Copy only the lines from the one with "this 1280×1440 image." through the end of the records, exactly as they stand. No pictures belong in the copy.

___ Information shown ___

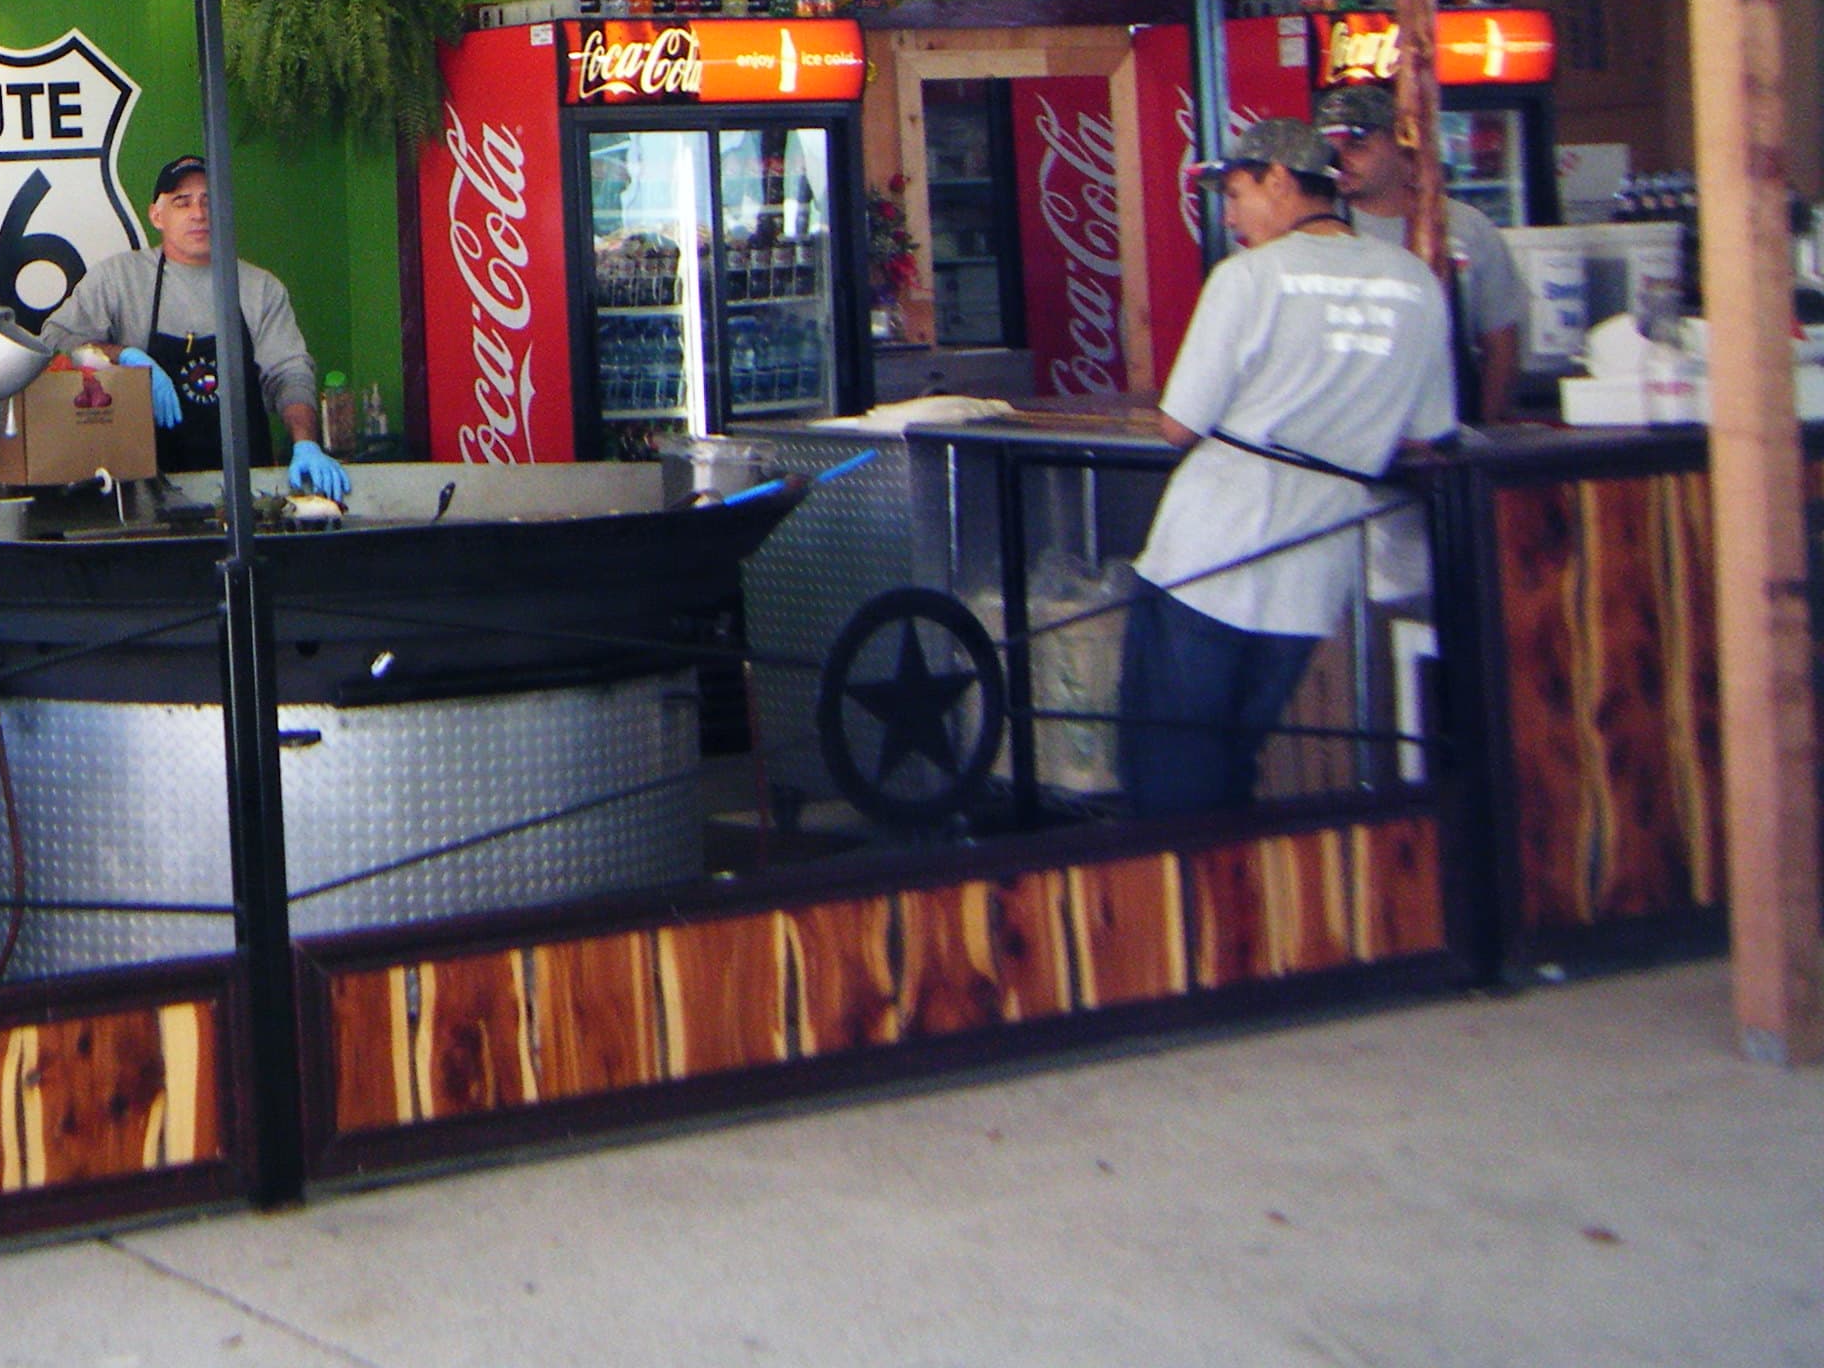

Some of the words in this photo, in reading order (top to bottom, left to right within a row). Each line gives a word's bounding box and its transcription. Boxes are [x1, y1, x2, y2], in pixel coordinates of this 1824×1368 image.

[579, 27, 703, 99] Coca-Cola
[735, 52, 776, 69] enjoy
[801, 51, 823, 66] ice
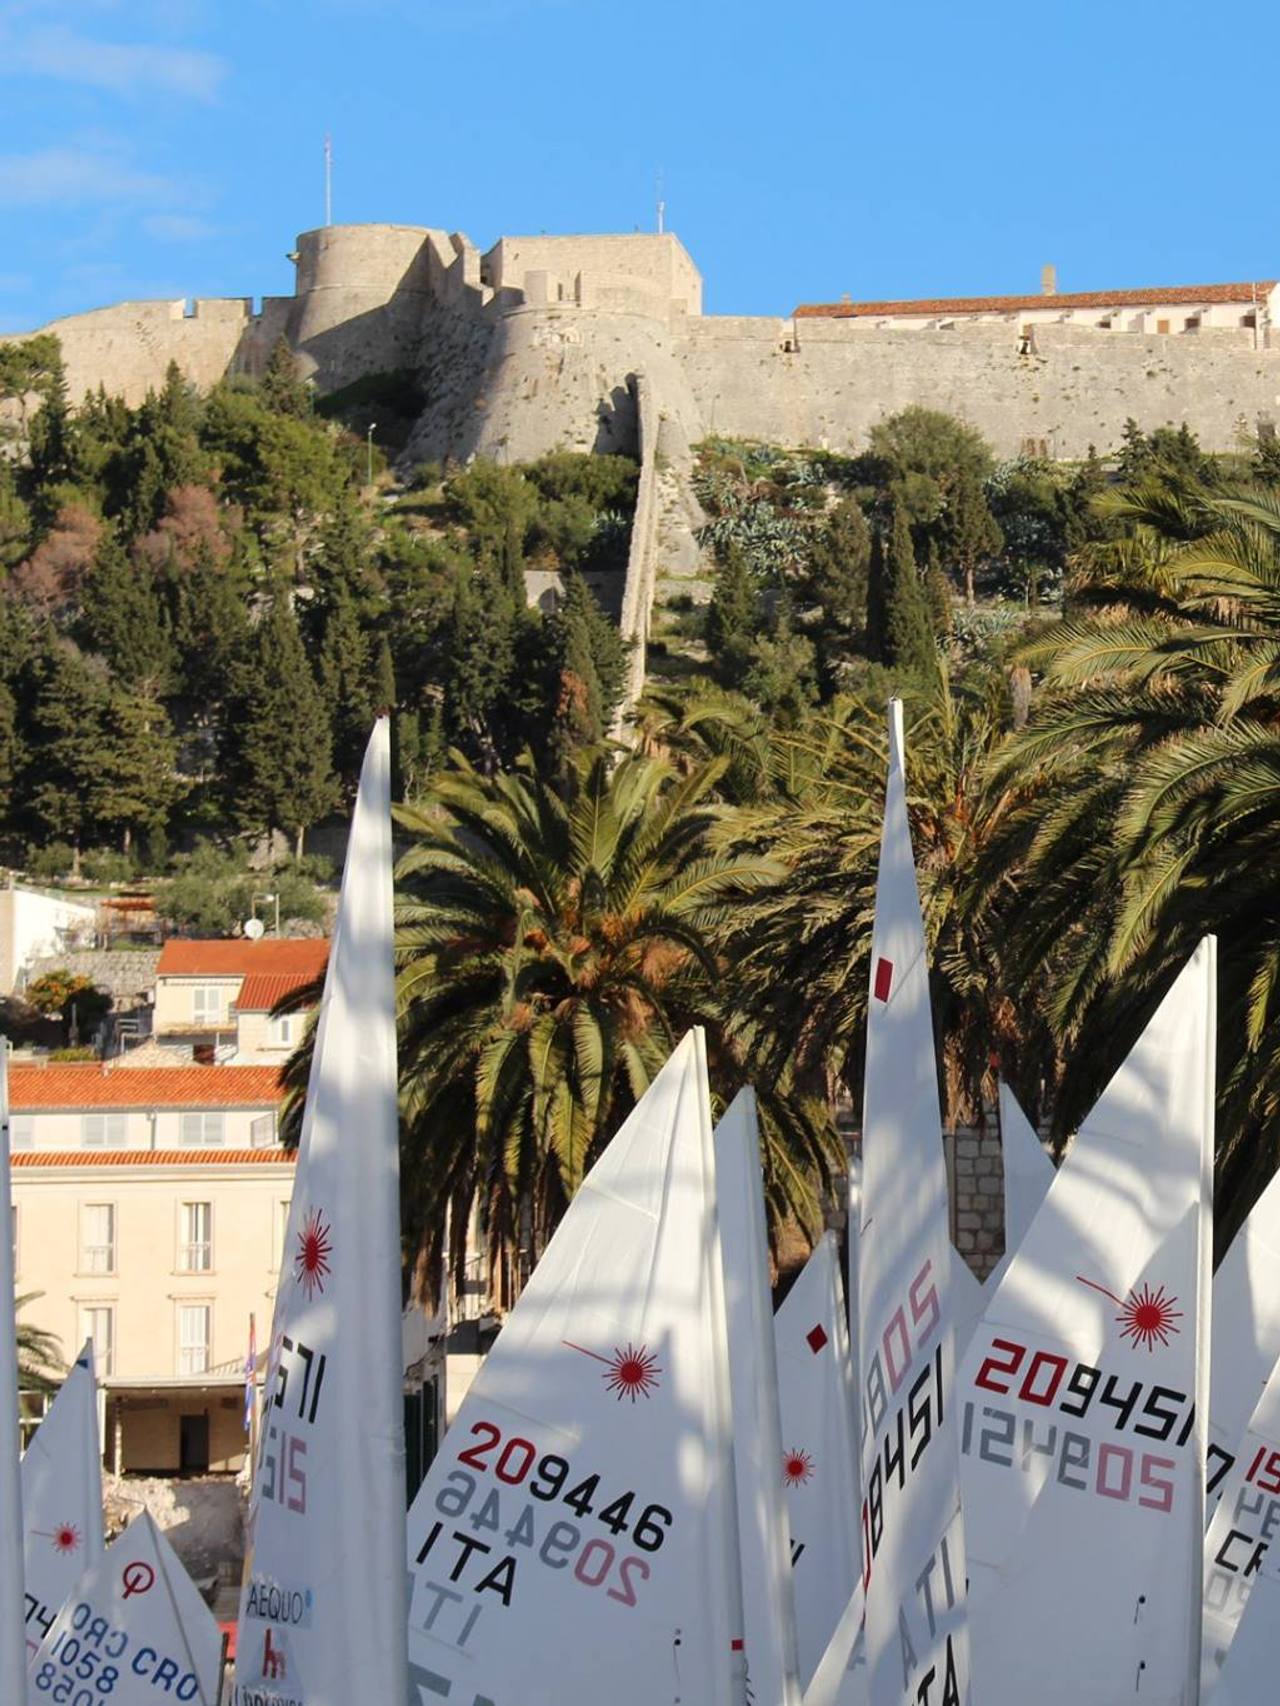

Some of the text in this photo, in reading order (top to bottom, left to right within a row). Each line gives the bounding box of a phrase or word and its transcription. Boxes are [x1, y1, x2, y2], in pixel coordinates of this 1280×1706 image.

[974, 1337, 1196, 1448] 209451
[457, 1420, 674, 1553] 209446
[416, 1520, 519, 1608] ITA
[246, 1584, 304, 1625] AEQUO
[51, 1630, 120, 1695] 1058
[131, 1647, 200, 1702] CRO
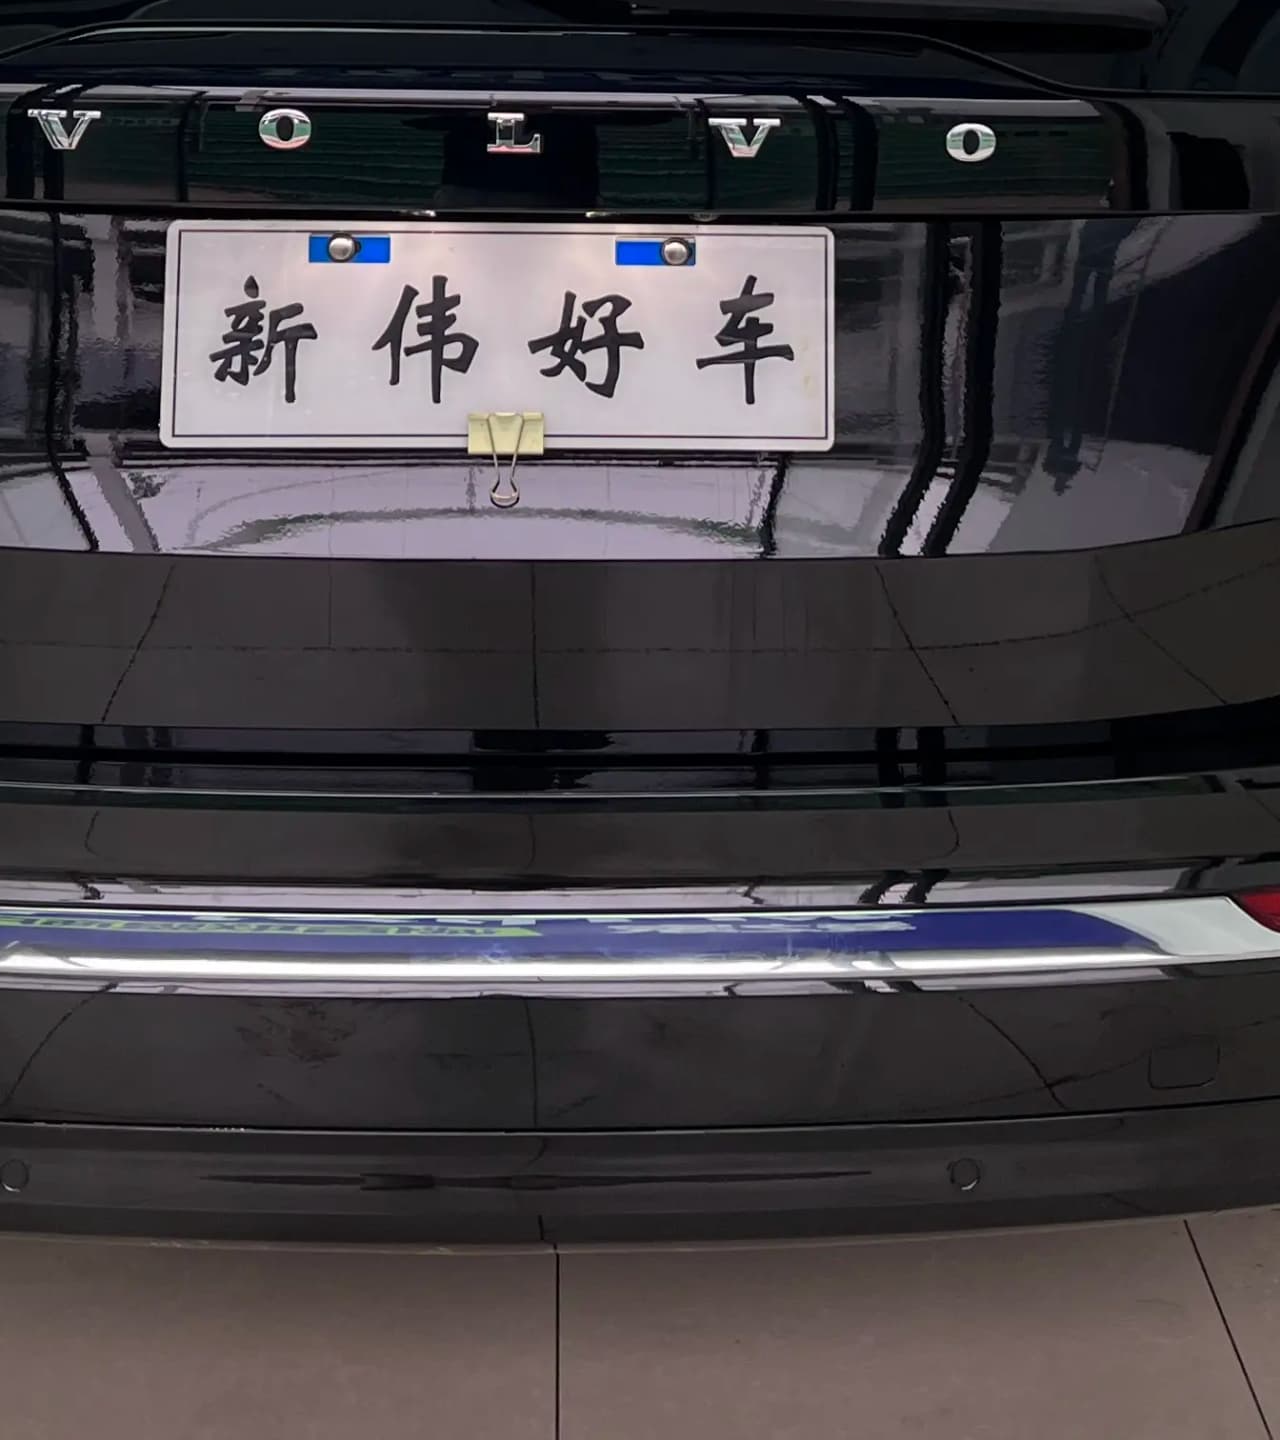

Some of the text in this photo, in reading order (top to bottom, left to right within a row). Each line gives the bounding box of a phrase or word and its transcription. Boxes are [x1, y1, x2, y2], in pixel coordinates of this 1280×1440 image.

[28, 108, 997, 163] VOLVO
[208, 274, 795, 405] 新伟好车
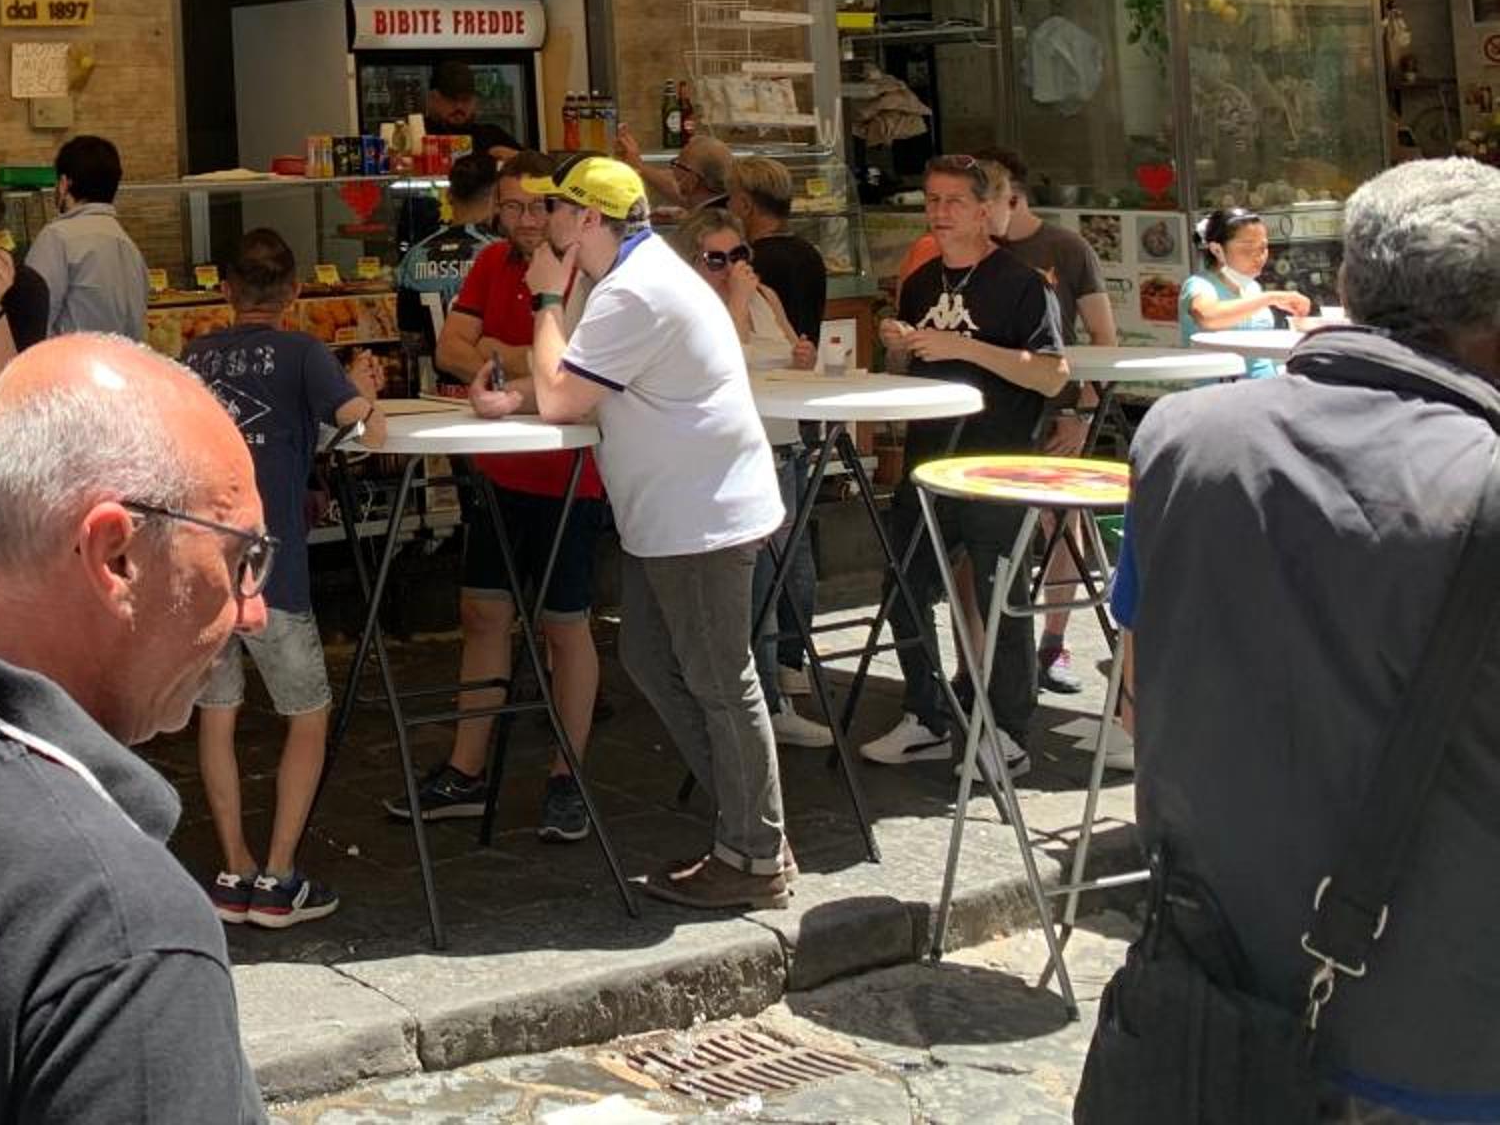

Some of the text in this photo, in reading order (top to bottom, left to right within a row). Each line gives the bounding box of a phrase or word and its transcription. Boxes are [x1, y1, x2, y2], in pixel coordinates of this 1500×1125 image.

___

**Answer to this task**
Some of the text in this photo, in reading order (top to bottom, left to right within a row). Each line gives the bounding box of a phrase or word and its transcription. Boxes are [x1, y1, x2, y2], in pixel coordinates of this 1280×1440 image.

[28, 108, 997, 163] VOLVO
[208, 274, 795, 405] 新伟好车

Some of the text in this photo, in reading order (top to bottom, left to right within a row). Each line gives the bounding box of a phrase or word and its transcription. Boxes are [x1, y1, x2, y2], in pixel coordinates of this 1500×1125 image.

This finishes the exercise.